Exercise materials below:

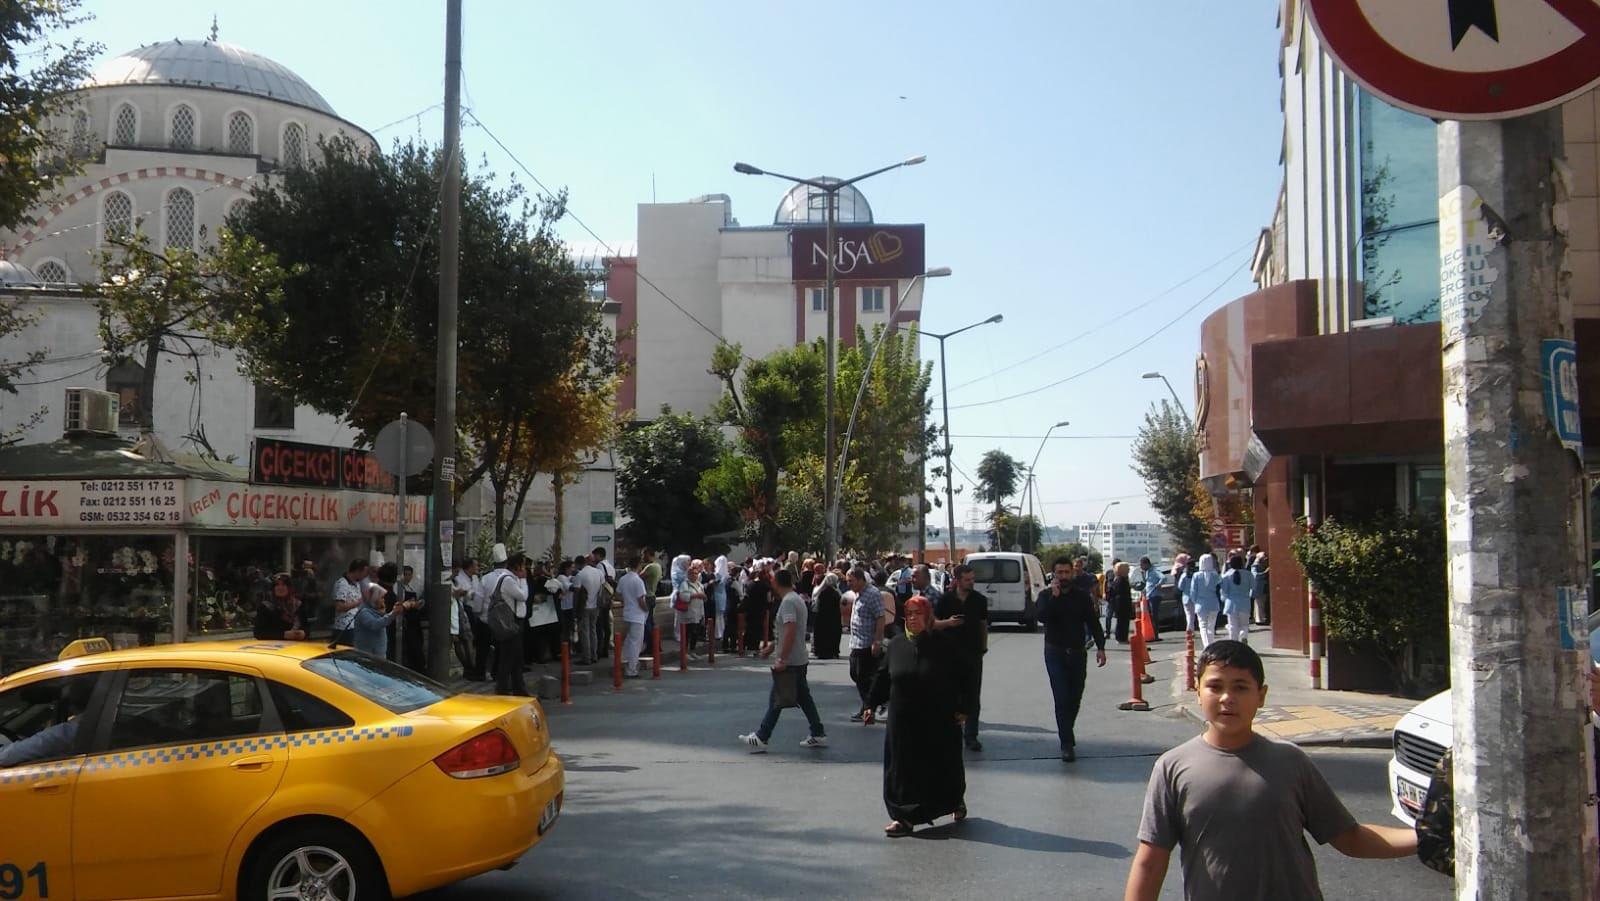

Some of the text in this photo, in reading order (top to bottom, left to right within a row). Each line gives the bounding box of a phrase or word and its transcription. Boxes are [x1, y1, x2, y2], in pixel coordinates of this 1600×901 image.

[812, 237, 874, 273] NİSA
[261, 442, 336, 485] ÇİÇEKÇİ
[80, 496, 176, 506] Fax: 0212 551 16 25
[81, 481, 174, 491] Tel: 0212 551 17 12
[80, 511, 180, 521] GSM: 0532 354 62 18
[227, 489, 338, 526] ÇİÇEKÇİLİK
[0, 862, 48, 900] 91

End of Exercise materials.

● **What to work on**: Without including the pictures, reproduce all entries exactly.

● **Finished task**:
Some of the text in this photo, in reading order (top to bottom, left to right within a row). Each line gives the bounding box of a phrase or word and its transcription. Boxes are [x1, y1, x2, y2], in pixel coordinates of this 1600×901 image.

[812, 237, 874, 273] NİSA
[261, 442, 336, 485] ÇİÇEKÇİ
[80, 496, 176, 506] Fax: 0212 551 16 25
[81, 481, 174, 491] Tel: 0212 551 17 12
[80, 511, 180, 521] GSM: 0532 354 62 18
[227, 489, 338, 526] ÇİÇEKÇİLİK
[0, 862, 48, 900] 91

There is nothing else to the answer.